An important aspect of breastfeeding in Muslim cultures is the mother’s concern about her privacy and modesty when breastfeeding. Muslim mothers may worry about how they will feed in front of others without exposing their skin/breast. They may also have added pressure from relatives and husbands to cover up. In some cultures mothers feel uncomfortable with breastfeeding in front of people generally even if no skin is showing.

Having big families and frequent visitors in the early days can lead to disruption of breastfeeding because latching and positioning may need a good deal of attention. It is almost impossible to feed without showing a little skin and unfortunately for many Muslims this can pose such a difficulty that bottle-feeding seems like the easier option.

Once breastfeeding is going well, it becomes easier to cover up.
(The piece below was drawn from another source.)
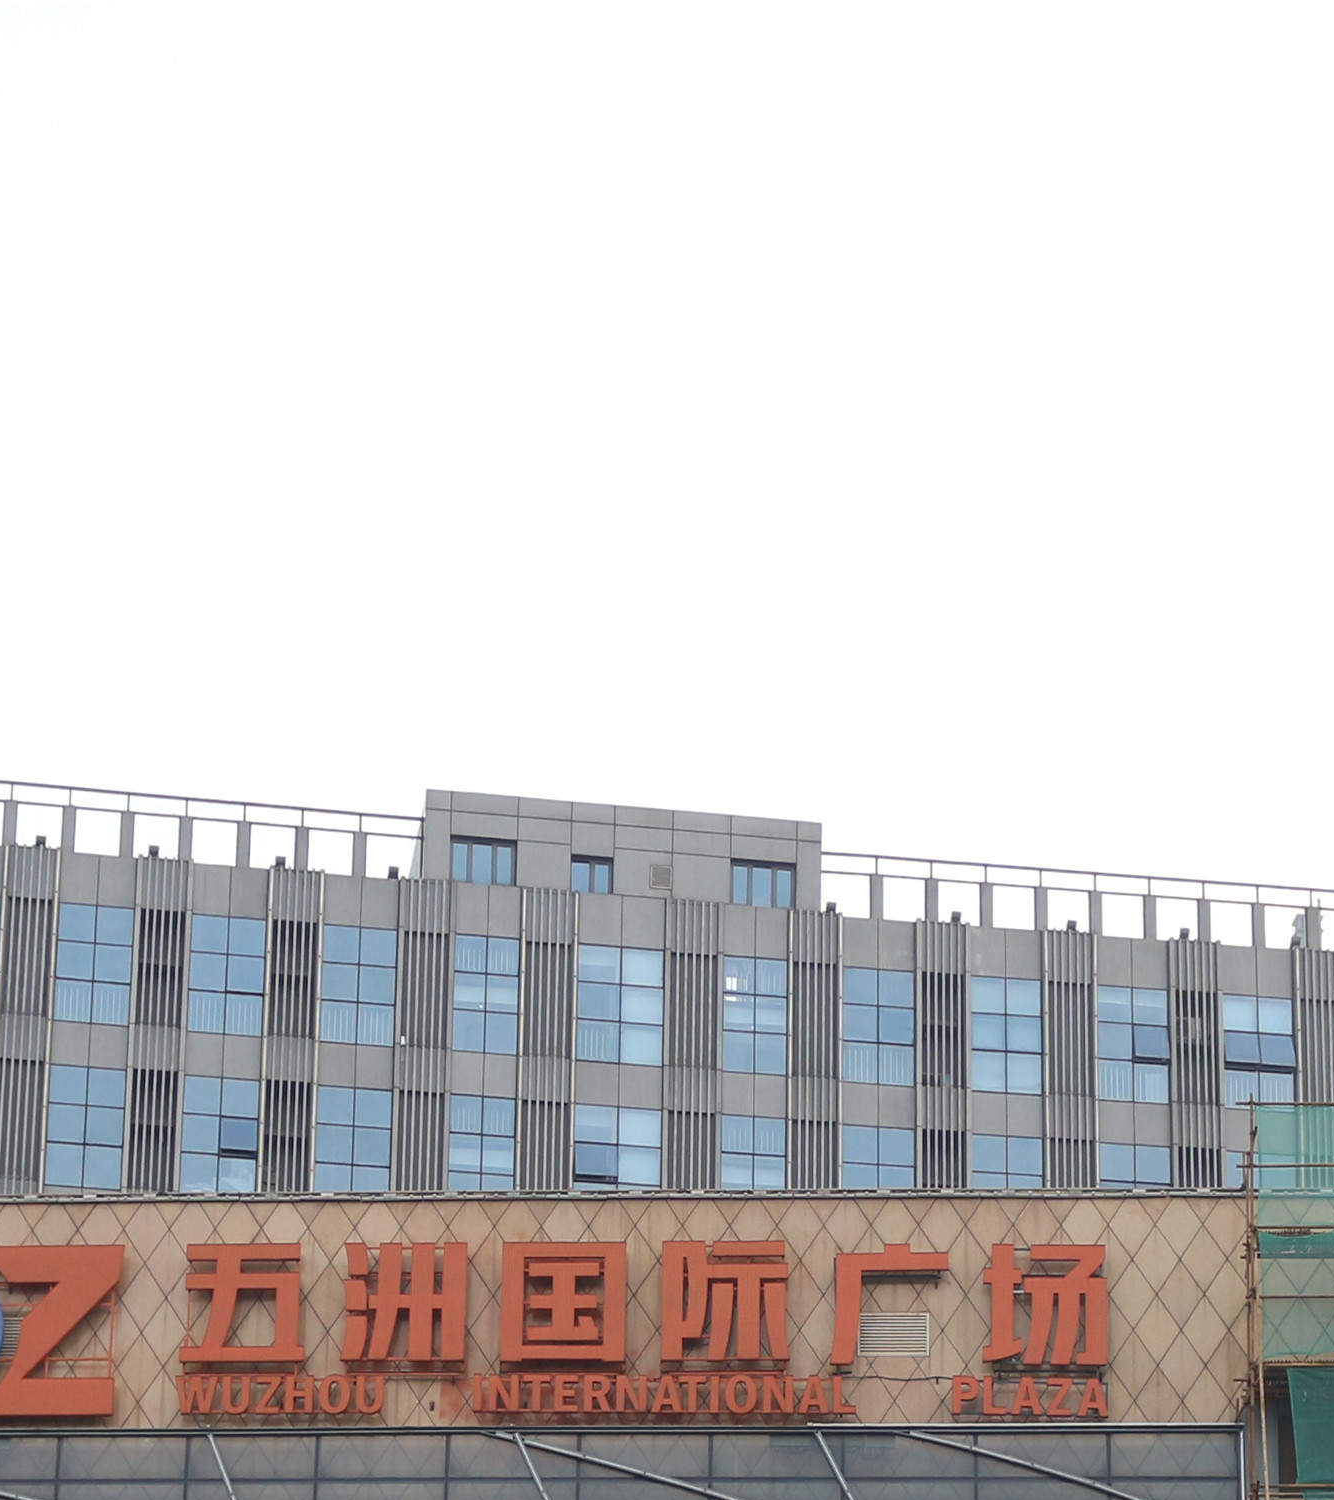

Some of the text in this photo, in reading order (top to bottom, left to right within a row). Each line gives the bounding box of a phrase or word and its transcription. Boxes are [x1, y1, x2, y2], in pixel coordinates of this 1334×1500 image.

[178, 1241, 1109, 1367] 五洲国际广场
[175, 1372, 1109, 1419] WUZHOU INTERNATIONAL PLAZA
There is a large variety of breastfeeding covers/aprons available to mothers to purchase or, if the mother wears a hijab, it may even be big enough to cover her baby. “Discreet” nursing can be challenging if a child totally refuses to be covered up. Wearing a loose nursing top can be useful in this situation.
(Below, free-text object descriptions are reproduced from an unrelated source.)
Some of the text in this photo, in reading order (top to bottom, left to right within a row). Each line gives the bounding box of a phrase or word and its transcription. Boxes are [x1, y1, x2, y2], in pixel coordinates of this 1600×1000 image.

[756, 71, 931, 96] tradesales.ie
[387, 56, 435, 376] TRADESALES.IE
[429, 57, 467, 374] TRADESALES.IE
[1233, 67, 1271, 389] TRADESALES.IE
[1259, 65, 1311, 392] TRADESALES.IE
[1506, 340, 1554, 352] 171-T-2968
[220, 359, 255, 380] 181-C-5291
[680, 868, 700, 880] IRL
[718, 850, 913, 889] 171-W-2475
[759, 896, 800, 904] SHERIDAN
Another problem arises if there are men around. Many mothers feel uncomfortable breastfeeding in the same room as men (and mahram men) even if nothing is showing and baby is well covered up. There may also be a taboo about saying the word “breastfeeding” in front of men, depending on the cultural traditions of the family.


Mothers may be advised to take black seed (Nigella sativa) which is commonly known as “the blessed seed”. This is a very important herb in the Muslim community, as it is believed to have healing properties for most illnesses. Many Muslims take it as part of a healthier lifestyle (although it should not be taken during pregnancy). Black seed3 can act as a herbal galactogogue.
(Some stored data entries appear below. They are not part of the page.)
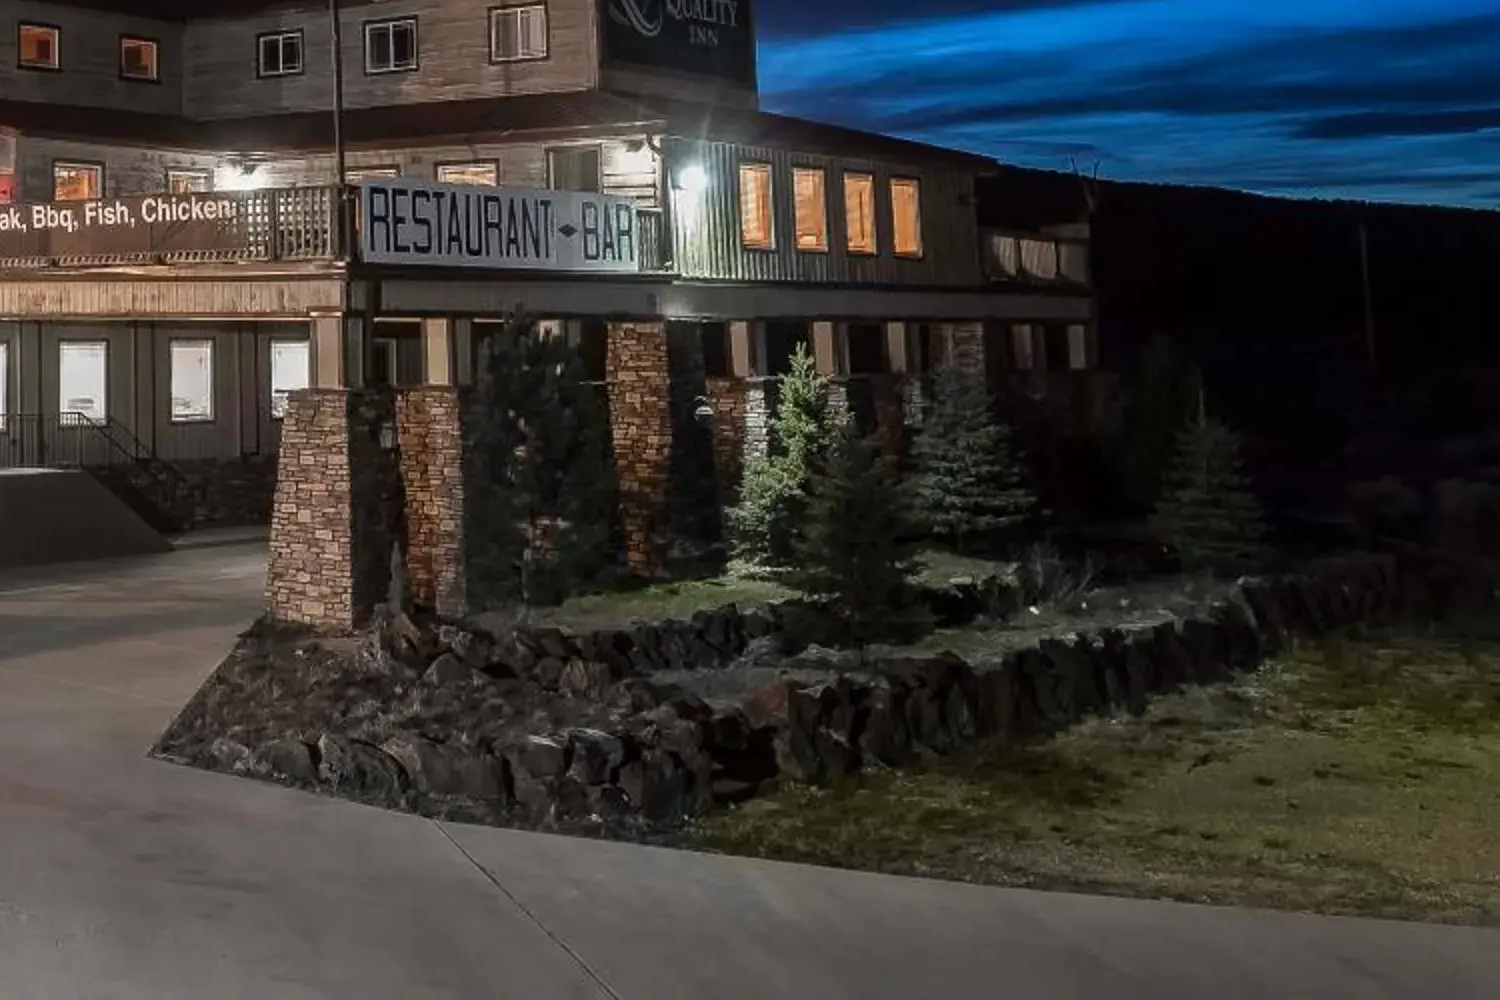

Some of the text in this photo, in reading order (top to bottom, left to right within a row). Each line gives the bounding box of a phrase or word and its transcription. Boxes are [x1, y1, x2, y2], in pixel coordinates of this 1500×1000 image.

[689, 24, 719, 47] INN
[32, 205, 79, 233] Bbq,
[85, 202, 135, 228] Fish,
[141, 198, 231, 223] Chicken
[368, 186, 634, 261] RESTAURANT BAR
Another food that Muslim mothers may be encouraged to eat during labor and post-partum are dates. This is because in a Quranic verse Mary was told to eat dates at the time of giving birth to Jesus.

Dates have high sugar content for that burst of energy that is needed after an exhausting labor. Dates contain many vitamins and minerals including iron and are high in fiber. They also contain substances that have similar properties to oxytocin, which is essential for the let-down reflex to occur.

In Egyptian culture mothers are given “mughaat,” which is a special mix of powdered fenugreek seeds with nuts fried in butter and sugar, to increase a mother’s milk. Mothers are also encouraged to have a lot of broth and soup post labor. In some African cultures certain herbs are rubbed on the breast to increase milk and in some regions mothers are given special diets for 40 days. Chile foods are usually restricted but one African tribe actually encourages the new mother to have plenty of chile in the belief that it will increase her milk supply. Again there is a huge difference among the various cultures. Bangladeshi mothers have their drinking water restricted in the first few days because it is believed that it will make them swell up, but in neighboring cultures the mothers are given plenty of water. Pakistani mothers are usually also given a dish or drink containing fenugreek seeds to help with milk supply.

There are many variations in the Islamic and cultural practices of Muslim mothers. Although this information is not exhaustive, I hope it will be useful to you when supporting Muslim mothers.

1Traditionally called “Koran” in English.

2Honey can sometimes contain spores of a bacteria that can cause botulism in babies; a very serious illness. Health authorities recommend against giving a baby honey until they’re 12 months old.

3Lactmed says “ Black seed has been used orally as a galactogogue in India; however, no scientifically valid clinical trials support this use.”

McKenna, K. and Shankar, R. The Practice of Prelacteal Feeding to Newborns Among Hindu and Muslim Families Journal of Midwifery & Women’s Health 2009;54(1):78-81.

Shaheda Yashmin has been a Leader for three years and her children are now aged eight and five. Shaheda is homeschooling her children, is a student of Arabic, and blogs at Motherly Nurturing.